Dans un arrêt du 13 décembre 2005, la Chambre commerciale de la Cour de cassation a rappelé qu'un contrat conclu "
intuitu personae" n'était pas transmis de plein droit à l'occasion de la fusion de la société (Cass. com., 13 décembre 2005, n° 03-16.878, F-P+B
N° Lexbase : A9814DL3). Dans la présente affaire, la société A. avait conclu un contrat intitulé "contrat d'agent revendeur" avec la société B.. A la suite de la fusion de cette société avec la société C., pour former la société D., la société A. a notifié à la société D. la cessation des relations commerciales en indiquant que, pour un certain nombre de raisons exposées dans sa lettre, elle n'entendait pas nouer de relations contractuelles avec la nouvelle société. Invoquant une rupture abusive du contrat, la société D. a poursuivi la société A. en paiement. La Haute juridiction approuve les juges du fond d'avoir écarté ces prétentions.
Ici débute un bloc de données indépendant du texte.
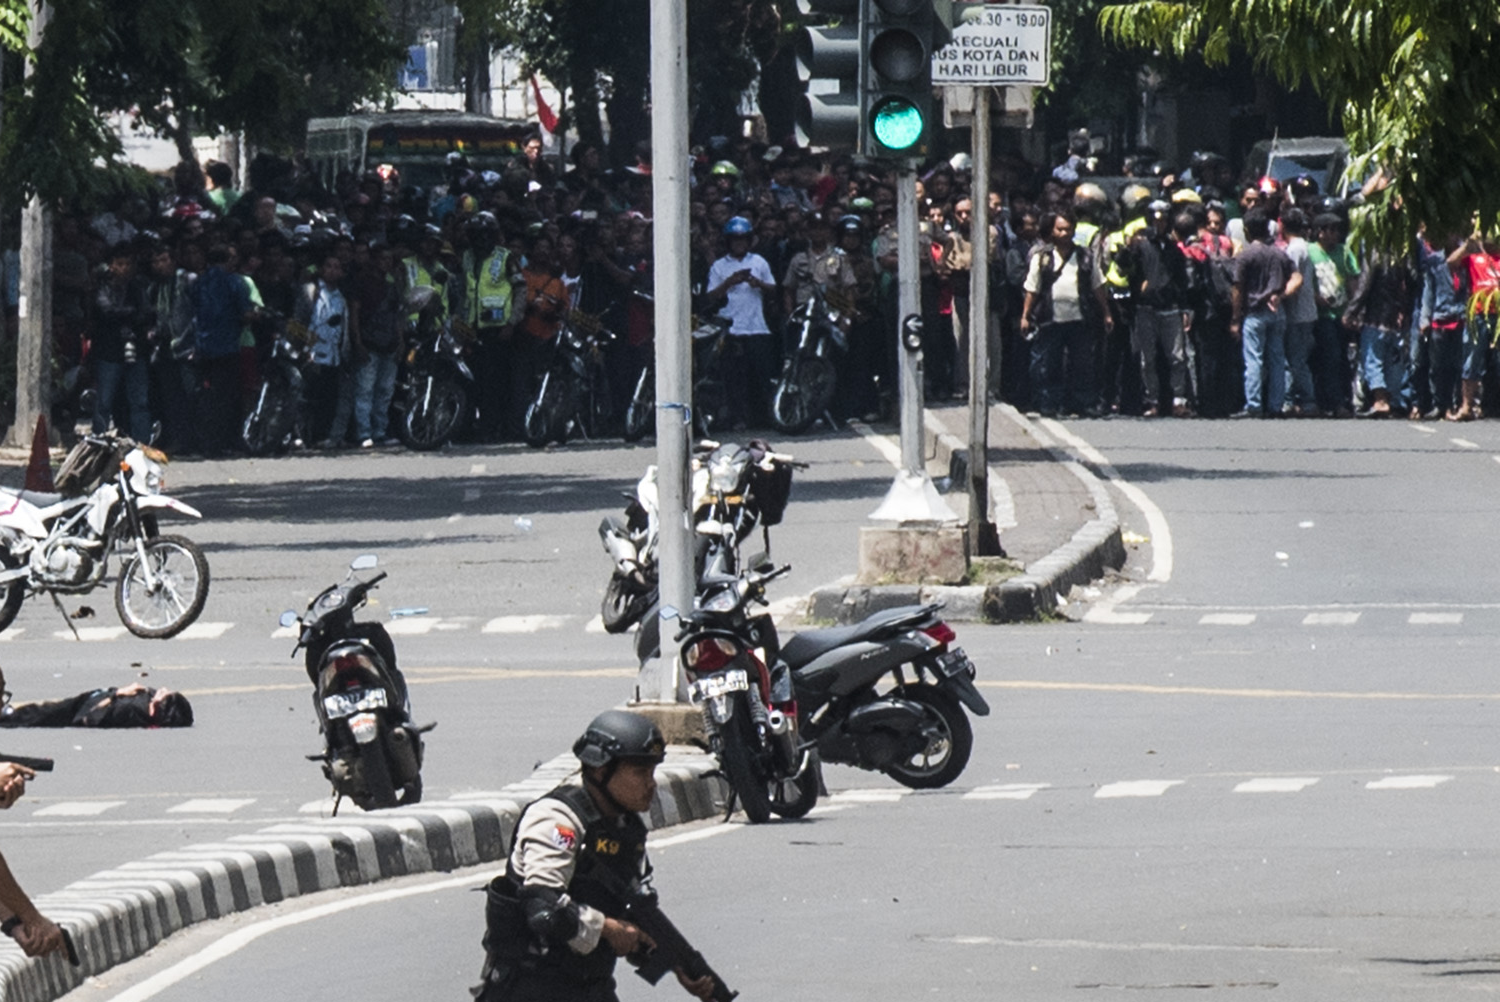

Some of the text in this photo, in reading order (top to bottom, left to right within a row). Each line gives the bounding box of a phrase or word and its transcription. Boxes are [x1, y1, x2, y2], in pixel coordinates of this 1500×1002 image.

[1016, 13, 1045, 27] 19.00
[951, 36, 1018, 47] KECUALI
[963, 49, 1003, 61] KOTA
[1009, 50, 1039, 61] DAN
[940, 64, 1028, 76] HARI LIBUR
[596, 838, 620, 855] K9
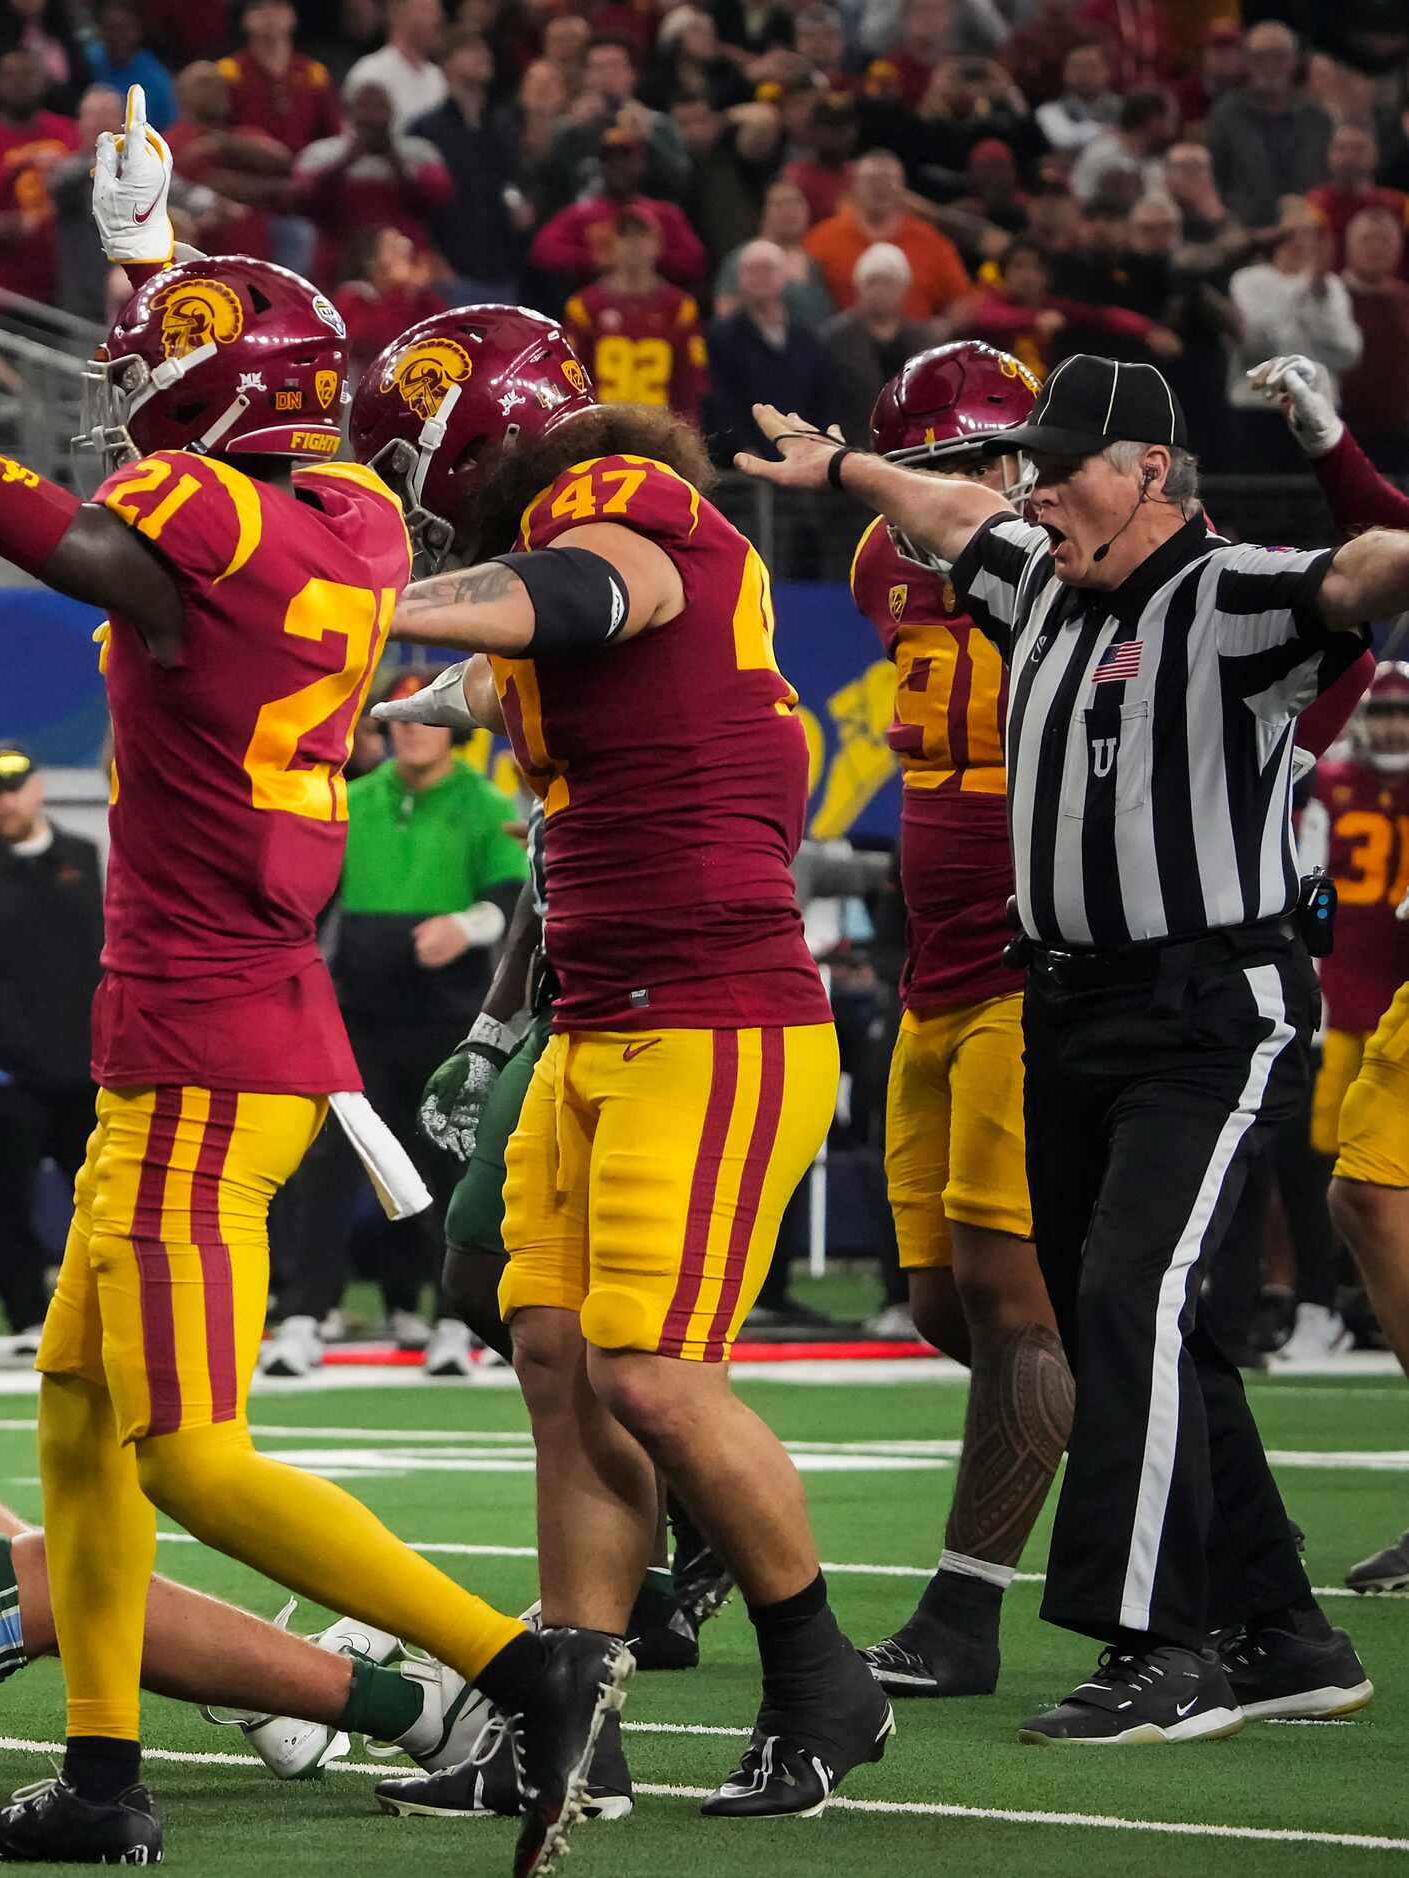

Elle constate que les parties au contrat avaient prévu à sa signature, qu'il était conclu "
intuitu personae" et que les droits et obligations du revendeur n'étaient "
pas cessibles ou transférables que ce soit totalement ou partiellement, sans accord préalable et écrit du concessionnaire". Et d'ajouter que "
si la fusion a emporté la transmission universelle de patrimoine de la société B. à la société créée D., les stipulations du contrat mettaient obstacle à sa transmission sans l'accord de la société A.".